In any patron-client relationship, the client has some degree of independence. On occasion, the client may even be in a position to more or less control the patron. This is the case, for instance, when the client understands that the patron’s prestige is dependent on the client’s survival. In such circumstances, the client has the patron over a barrel; he can do as he pleases because he knows that patron will have to continue supporting him come what may.

Afghanistan provides a good example of how this works. In the 1980s, the leaders of the People’s Democratic Party of Afghanistan (PDPA) seemed to spend as much of their time squabbling with each other as with the mujahideen who were attempting to overthrow them. They pursued social and economic policies which their Soviet patrons often considered very ill-advised. Attempts by the Soviets to make them behave better never achieved very much. It was only when the Soviets made it clear that they were leaving that the PDPA under Najibullah began to get its act together even slightly. Similarly, we have seen in the last decade that although the current Afghan government is utterly dependent on American aid, the Americans aren’t able to control their Afghan clients, who appear to have a good understanding that they can get away with an awful lot and the supply of the American money will keep flowing. The Americans had the same problem in Vietnam: successive client governments did their own thing, in direct contradiction to American desires.

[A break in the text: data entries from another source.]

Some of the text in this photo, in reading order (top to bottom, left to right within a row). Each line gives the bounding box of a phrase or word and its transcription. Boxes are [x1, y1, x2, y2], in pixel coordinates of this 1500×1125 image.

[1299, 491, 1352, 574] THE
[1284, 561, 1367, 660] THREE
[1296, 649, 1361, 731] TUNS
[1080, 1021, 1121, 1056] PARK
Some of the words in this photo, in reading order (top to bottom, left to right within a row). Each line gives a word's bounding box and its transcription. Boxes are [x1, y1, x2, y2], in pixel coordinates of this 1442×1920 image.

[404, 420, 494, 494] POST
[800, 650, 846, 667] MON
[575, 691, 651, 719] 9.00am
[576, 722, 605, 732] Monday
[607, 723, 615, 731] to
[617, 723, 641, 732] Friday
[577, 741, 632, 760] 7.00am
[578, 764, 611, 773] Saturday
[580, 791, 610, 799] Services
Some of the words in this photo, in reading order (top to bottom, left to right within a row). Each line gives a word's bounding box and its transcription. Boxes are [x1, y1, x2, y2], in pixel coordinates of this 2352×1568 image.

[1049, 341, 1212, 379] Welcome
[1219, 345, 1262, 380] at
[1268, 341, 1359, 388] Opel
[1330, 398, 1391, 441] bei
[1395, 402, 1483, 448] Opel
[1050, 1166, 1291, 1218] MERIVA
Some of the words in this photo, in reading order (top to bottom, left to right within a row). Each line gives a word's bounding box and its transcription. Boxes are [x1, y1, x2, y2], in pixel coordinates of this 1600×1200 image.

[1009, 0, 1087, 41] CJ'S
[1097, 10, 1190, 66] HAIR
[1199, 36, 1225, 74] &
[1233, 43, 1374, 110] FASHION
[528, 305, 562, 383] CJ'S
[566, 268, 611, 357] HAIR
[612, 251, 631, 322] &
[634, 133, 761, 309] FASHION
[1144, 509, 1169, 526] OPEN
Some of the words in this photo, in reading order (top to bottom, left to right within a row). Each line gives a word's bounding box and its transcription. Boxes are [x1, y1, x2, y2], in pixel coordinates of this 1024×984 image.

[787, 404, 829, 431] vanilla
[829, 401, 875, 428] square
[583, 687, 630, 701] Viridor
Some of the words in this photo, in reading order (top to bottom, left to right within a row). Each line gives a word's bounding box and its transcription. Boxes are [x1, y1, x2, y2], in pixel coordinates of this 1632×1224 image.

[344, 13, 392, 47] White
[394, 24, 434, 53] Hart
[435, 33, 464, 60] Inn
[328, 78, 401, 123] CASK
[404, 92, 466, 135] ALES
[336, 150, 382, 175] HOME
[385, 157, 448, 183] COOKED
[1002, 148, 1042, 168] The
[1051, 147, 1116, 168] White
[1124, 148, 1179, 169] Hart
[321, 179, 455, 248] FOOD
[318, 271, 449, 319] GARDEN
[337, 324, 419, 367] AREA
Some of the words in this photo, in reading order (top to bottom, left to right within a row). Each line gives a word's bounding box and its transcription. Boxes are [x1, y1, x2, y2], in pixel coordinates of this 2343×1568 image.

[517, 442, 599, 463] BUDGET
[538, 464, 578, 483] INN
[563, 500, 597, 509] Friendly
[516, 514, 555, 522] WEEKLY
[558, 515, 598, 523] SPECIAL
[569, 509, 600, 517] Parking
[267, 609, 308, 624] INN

One can observe this dynamic at play in Ukraine. The Lugansk People’s Republic (LPR) is currently undergoing another of its occasional bouts of in-fighting, with forces of the LPR’s interior ministry taking to the streets against the republic’s president, Igor Plotnitsky, following Plotnitsky’s attempt to fire the interior minister, Igor Kornet. It’s hard to determine exactly what’s going on. Kornet claims not to be carrying out a coup, just to be acting against treacherous personnel, supposedly working for Kiev, in Plotnitsky’s entourage. Interior ministry forces are backing Kornet, while the military police and presidential guard are remaining loyal to Plotnitsky. Rumours abound that troops from the neighbouring Donetsk People’s Republic (DPR) have arrived, and are preparing to merge the LPR and DPR into one. The LPR army, meanwhile, is sitting the whole thing out.

In the Western press, the DPR and LPR are often portrayed as nothing more than Russian puppet states. But if this is the case, where are the puppet masters? It doesn’t look like the Russians are playing any role in what’s happening in Lugansk, and it would be strange if they were. Undoubtedly, the LPR and DPR are highly dependent on Russian aid. Yet, it stretches credibility a bit to imagine that the Russian government wants the LPR to be the chaotic mess that it is and is pulling all the strings in the current coup, or non-coup, or whatever it is. Like Afghanistan in the 1980s, the LPR is clearly seething with personal rivalries, and local dynamics drive much of what occurs. Local leaders have a lot of firepower at their disposal. The few Russian officials that may be present don’t. The clients have much more independence than one might imagine.

In short, these most recent events should caution us against assuming that Russia determines everything that happens in Donbass. Undoubtedly, Russia’s relationship with the DPR and LPR is one of patron and client. But the patron isn’t and never has been in full control of the client. Given the way that the leaders of the LPR behave, it would probably be better for all concerned if it was, but clearly it isn’t, and we have to accept this reality. This has important ramifications in terms of possible political settlements of the war in Ukraine, namely that if one doesn’t want Moscow to take full control of Donbass, then the interests of its clients there will have to be taken into consideration. Moscow will have to take them into consideration; it can’t just abandon them. And Kiev and the West will have to take them into consideration if they want to strike a deal, for the simple reason that they exist and have some degree of power and agency. It may not be pleasant, but that’s the way it is.